24小时的徒劳审问后,吉喆又在自己的办公室里抽起了烟,把整个屋子都变得灰蒙蒙的。
几声敲门响,门直接被推开了,左丘煜皱着眉走进来,看了眼吉喆,又转头出去了。
吉喆赶忙把没抽完的烟按灭在烟缸里,快步追出去问:“有什么发现吗?”
“去小会议说吧。
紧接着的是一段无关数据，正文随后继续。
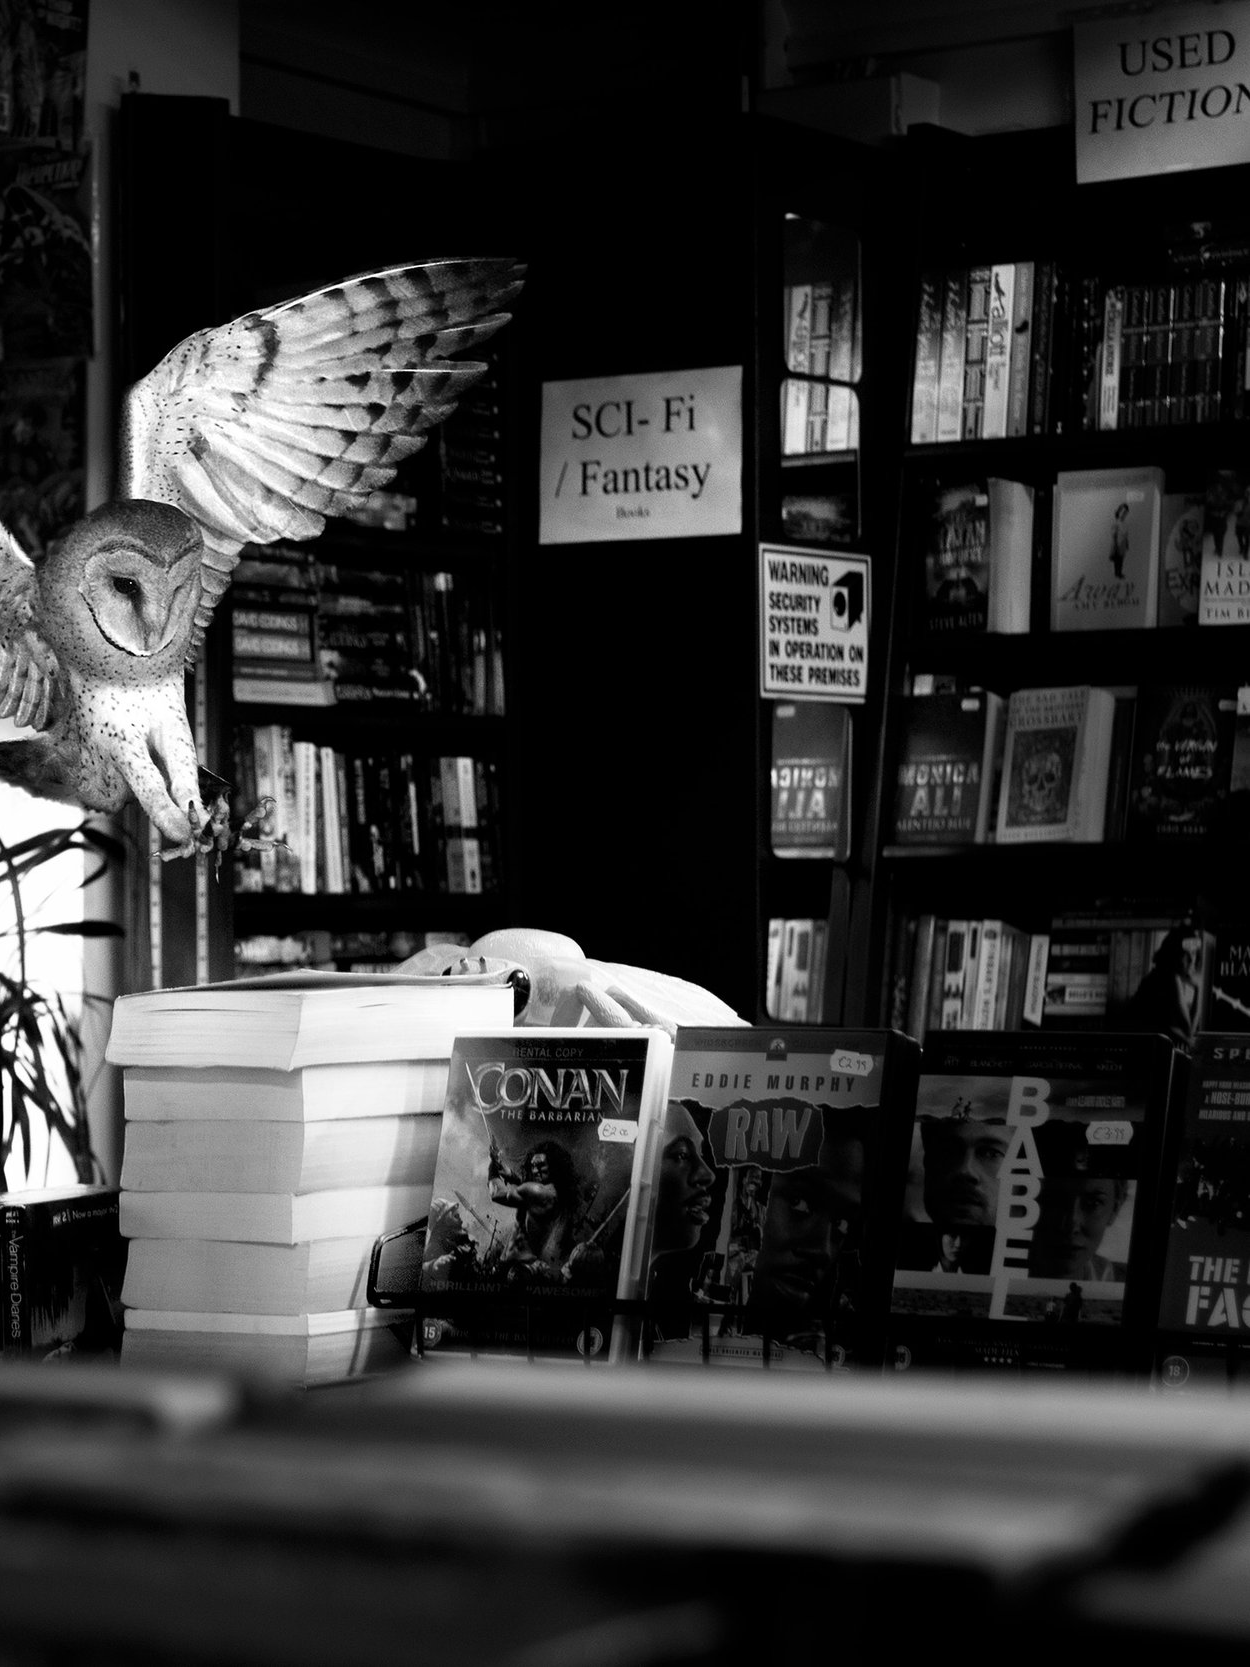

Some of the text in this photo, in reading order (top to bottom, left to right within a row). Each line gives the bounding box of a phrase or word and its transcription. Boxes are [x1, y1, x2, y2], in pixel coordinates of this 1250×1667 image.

[1118, 29, 1236, 76] USED
[571, 394, 695, 441] SCI- Fi
[581, 460, 711, 499] Fantasy
[769, 560, 829, 587] WARNING
[769, 591, 821, 613] SECURITY
[769, 615, 819, 636] SYSTEMS
[769, 640, 864, 662] IN OPERATION ON
[769, 663, 860, 686] THESE PREMISES
[899, 761, 980, 786] MONICA
[909, 785, 964, 817] ALI
[513, 1047, 585, 1059] RENTAL COPY
[472, 1062, 630, 1115] CONAN
[692, 1072, 855, 1092] EDDIE MURPHY
[500, 1109, 605, 1124] THE BARBARIAN
[724, 1106, 813, 1161] RAW
[988, 1075, 1052, 1323] BABEL
[71, 1209, 86, 1221] Now
[1189, 1255, 1240, 1285] THE
[8, 1235, 25, 1339] Vampire Diaries
[424, 1326, 436, 1339] 15
[1169, 1364, 1181, 1377] 18
”左丘煜示意说。
到了会议室里,吉喆回手关了门,面色凝重地问:“坏消息吧?”
“对。”左丘煜点了点头,回答说:“我跟技术队把这几个人家里、公司里所有能查的地方都查了,唯一找到的,就是金钟贤在龙凤山画过的那幅画,是在樊聪家里找到的。”
“画上有血迹吗?”吉喆忙问。
“没有,非常干净,就算有血迹,也不能把它称为证据。另外……”左丘煜沉沉叹了口气,“我找过罗雪娟,想要她在龙凤山上穿过的衣服,但是没有了,她把衣服都烧了。”
“把衣服都烧了?为什么?”吉喆吃惊地问。
“我问过她了,她说她想忘掉过去的事,想摆脱噩梦,但问题也就出在这。”左丘煜望着吉喆,蹙眉沉声说:“你还记得那个徐惠恩吧?她恐惧男性,不敢在人多的地方工作,20年前的遭遇到现在依然给她留下根本摆脱不掉的阴影。但再看看罗雪娟,她的反应很奇怪,她说她死里逃生之后回到老家,每天做噩梦,还把当时穿在身上的衣服都烧掉了,这确实是创伤后的应激反应。但后来呢?她突然从一个连家门口不敢出,每天从噩梦里惊醒的弱女子,变成了一个有计划的冷血复仇者,而且从从容容来这边自首,说话条理清晰、逻辑缜密,你不觉得这变化有点来得太突然了吗?”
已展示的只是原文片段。